§ EXERCISE INSTRUCTIONS:
Copy the data exactly as it appears, and do not include any pictures.
**** TASK MATERIAL
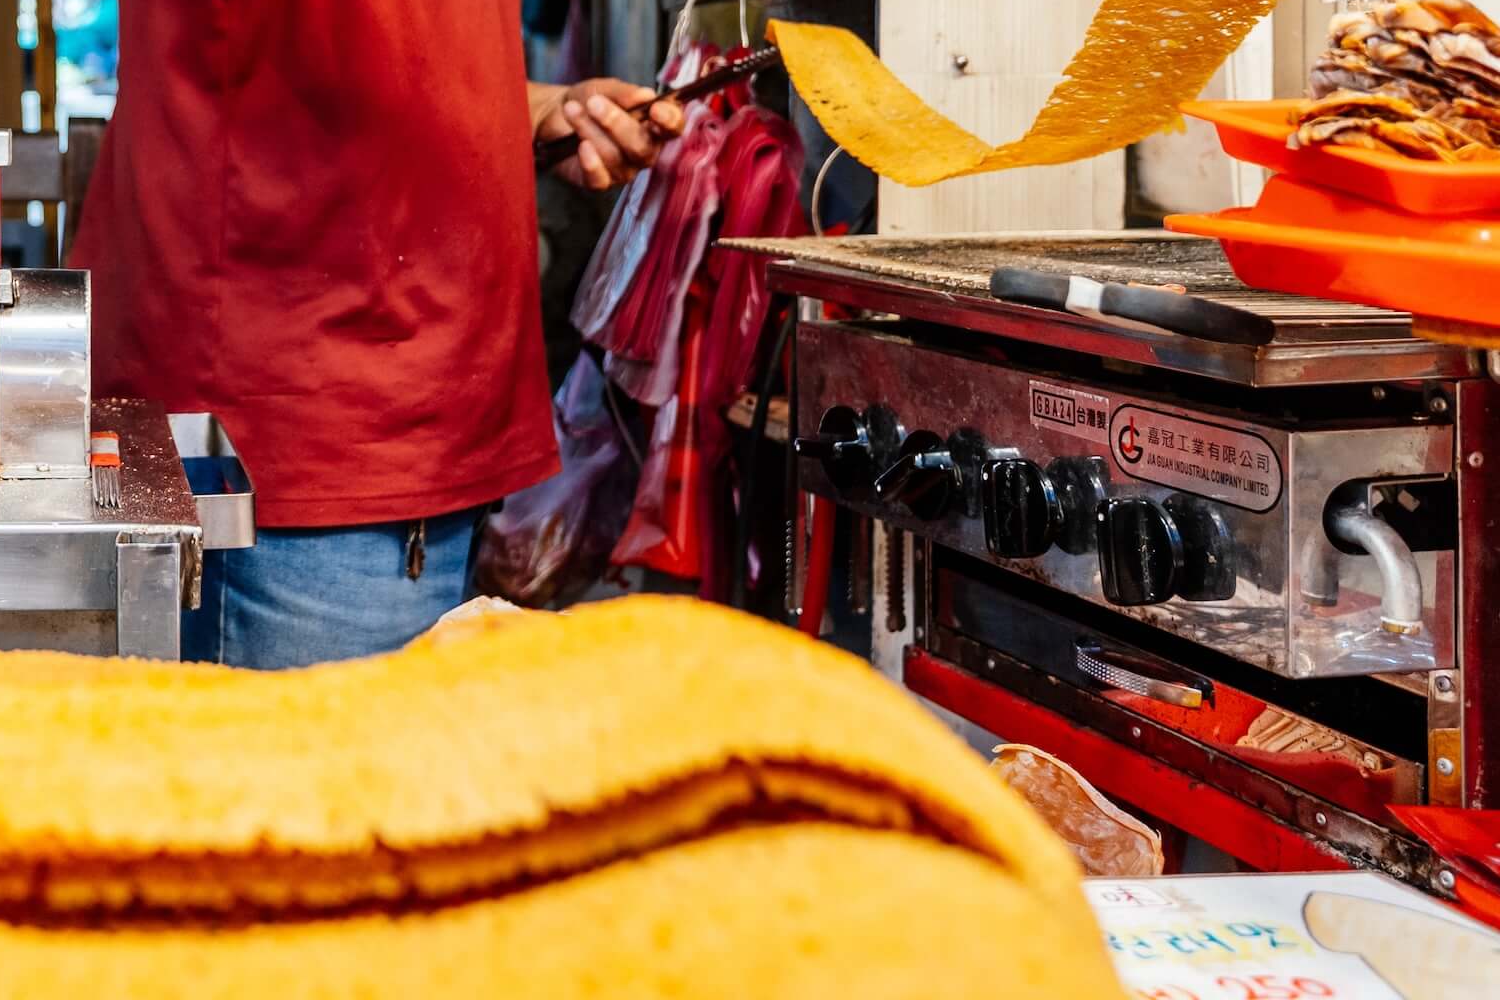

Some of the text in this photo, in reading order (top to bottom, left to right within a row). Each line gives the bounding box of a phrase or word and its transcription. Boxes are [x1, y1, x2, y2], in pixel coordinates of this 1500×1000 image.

[1036, 395, 1072, 421] GBA24
[1147, 426, 1270, 474] 嘉冠工業有限公司
[1174, 460, 1210, 481] INDUSTRIAL
[1210, 469, 1242, 489] COMPANY
[1243, 479, 1270, 497] LIMITED
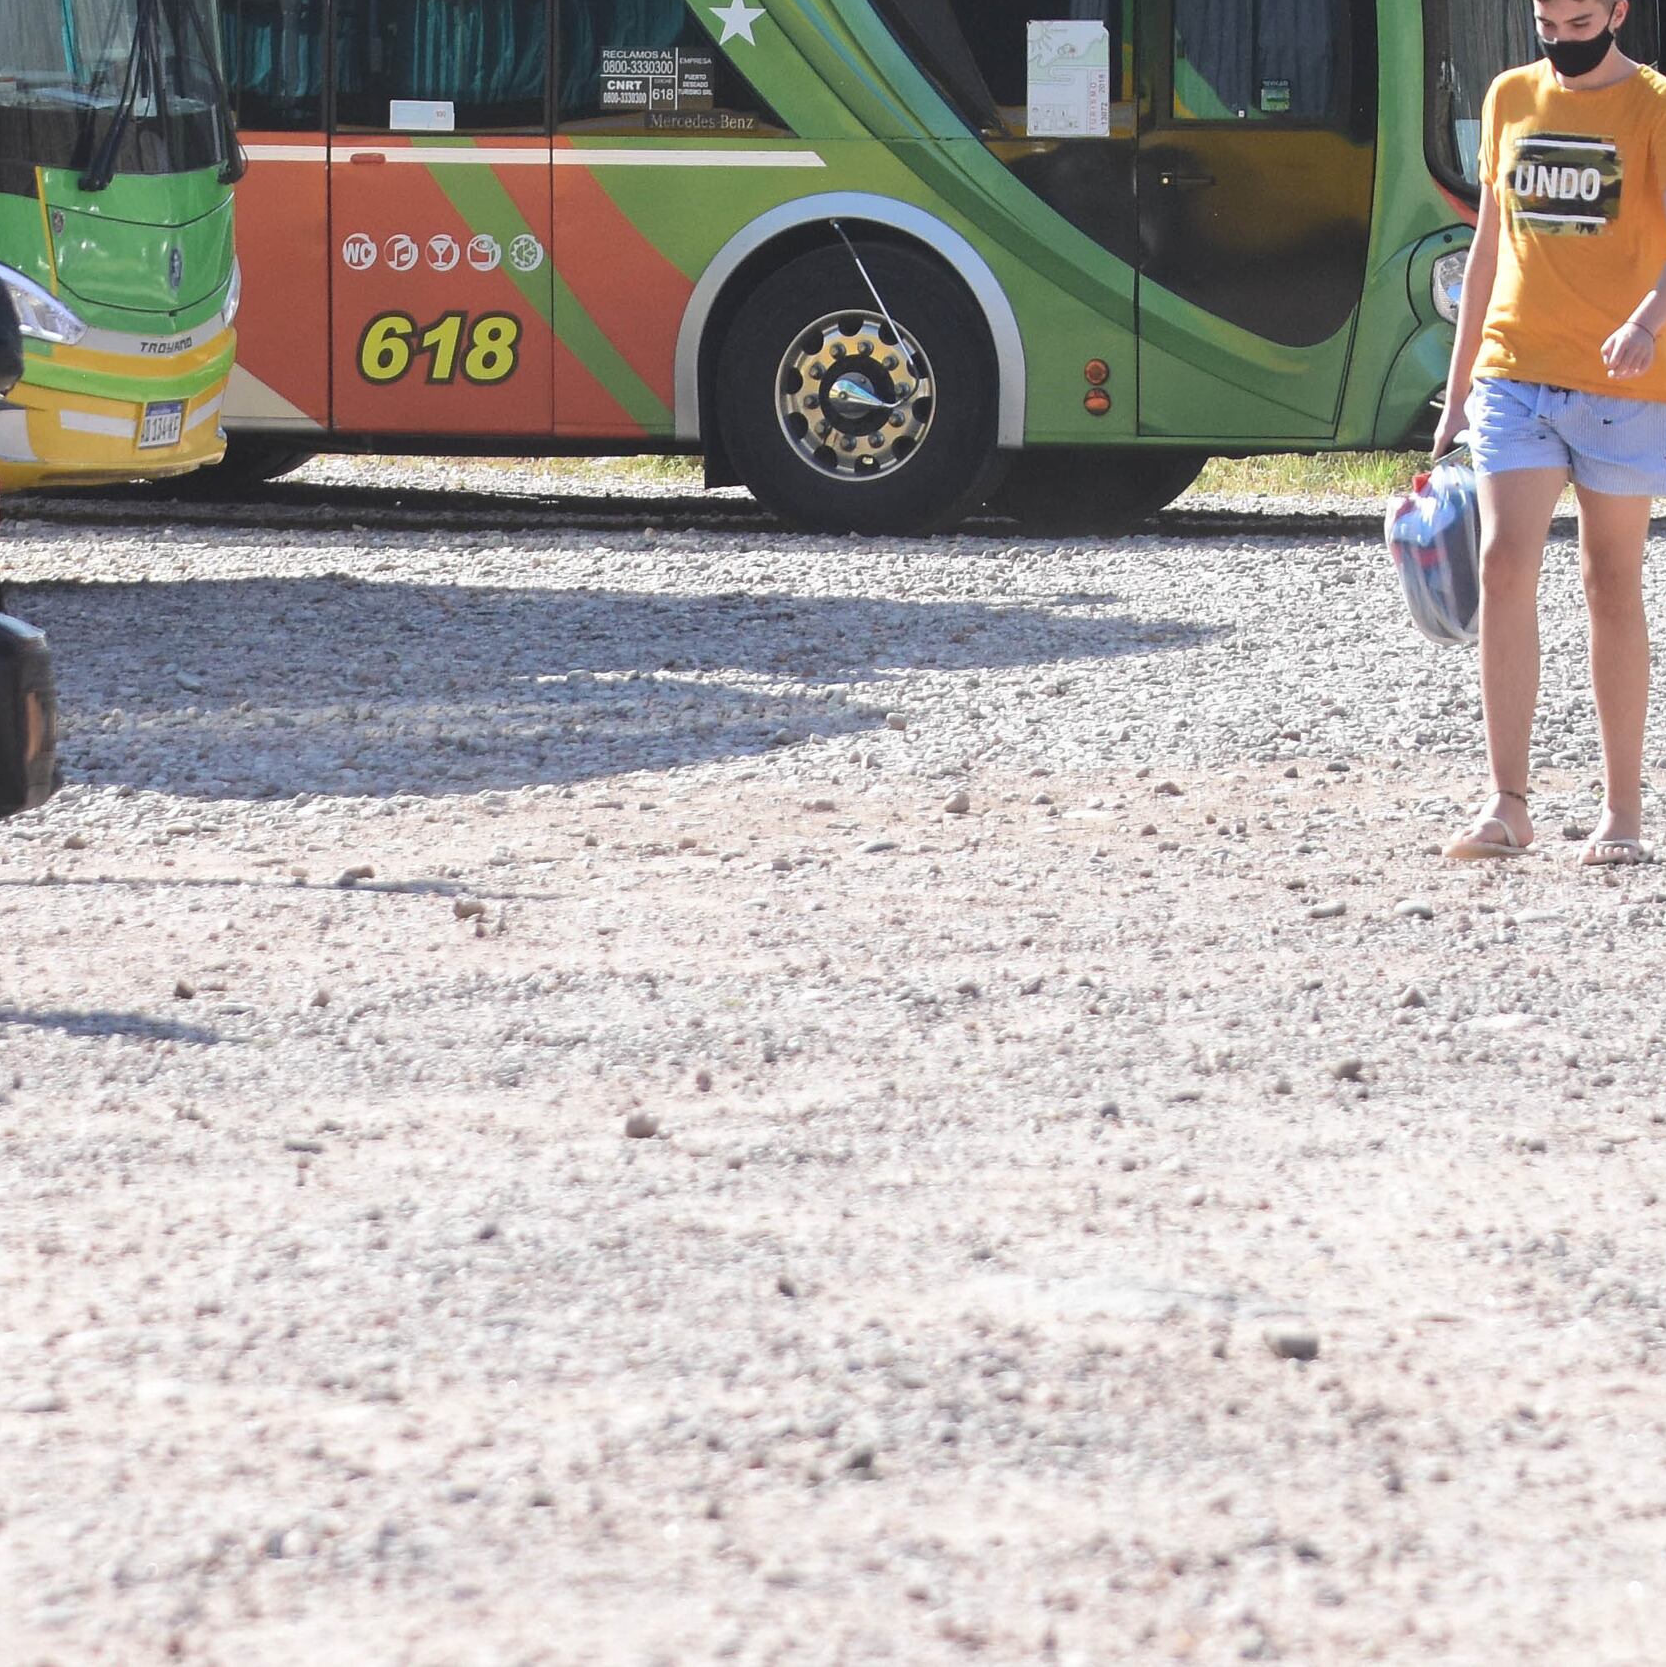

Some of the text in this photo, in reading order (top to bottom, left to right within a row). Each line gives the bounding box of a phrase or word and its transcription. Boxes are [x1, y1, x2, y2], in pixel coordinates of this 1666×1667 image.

[602, 50, 674, 60] RECLAMOS AL
[602, 60, 674, 74] 0800-3330300
[606, 80, 643, 91] CNRT
[652, 89, 674, 101] 618
[1514, 164, 1601, 201] UNDO
[356, 310, 522, 384] 618
********
§ RESULT OF THE EXERCISE:
Some of the text in this photo, in reading order (top to bottom, left to right within a row). Each line gives the bounding box of a phrase or word and its transcription. Boxes are [x1, y1, x2, y2], in pixel coordinates of this 1500×1000 image.

[1036, 395, 1072, 421] GBA24
[1147, 426, 1270, 474] 嘉冠工業有限公司
[1174, 460, 1210, 481] INDUSTRIAL
[1210, 469, 1242, 489] COMPANY
[1243, 479, 1270, 497] LIMITED

Some of the text in this photo, in reading order (top to bottom, left to right within a row). Each line gives the bounding box of a phrase or word and its transcription. Boxes are [x1, y1, x2, y2], in pixel coordinates of this 1666×1667 image.

[602, 50, 674, 60] RECLAMOS AL
[602, 60, 674, 74] 0800-3330300
[606, 80, 643, 91] CNRT
[652, 89, 674, 101] 618
[1514, 164, 1601, 201] UNDO
[356, 310, 522, 384] 618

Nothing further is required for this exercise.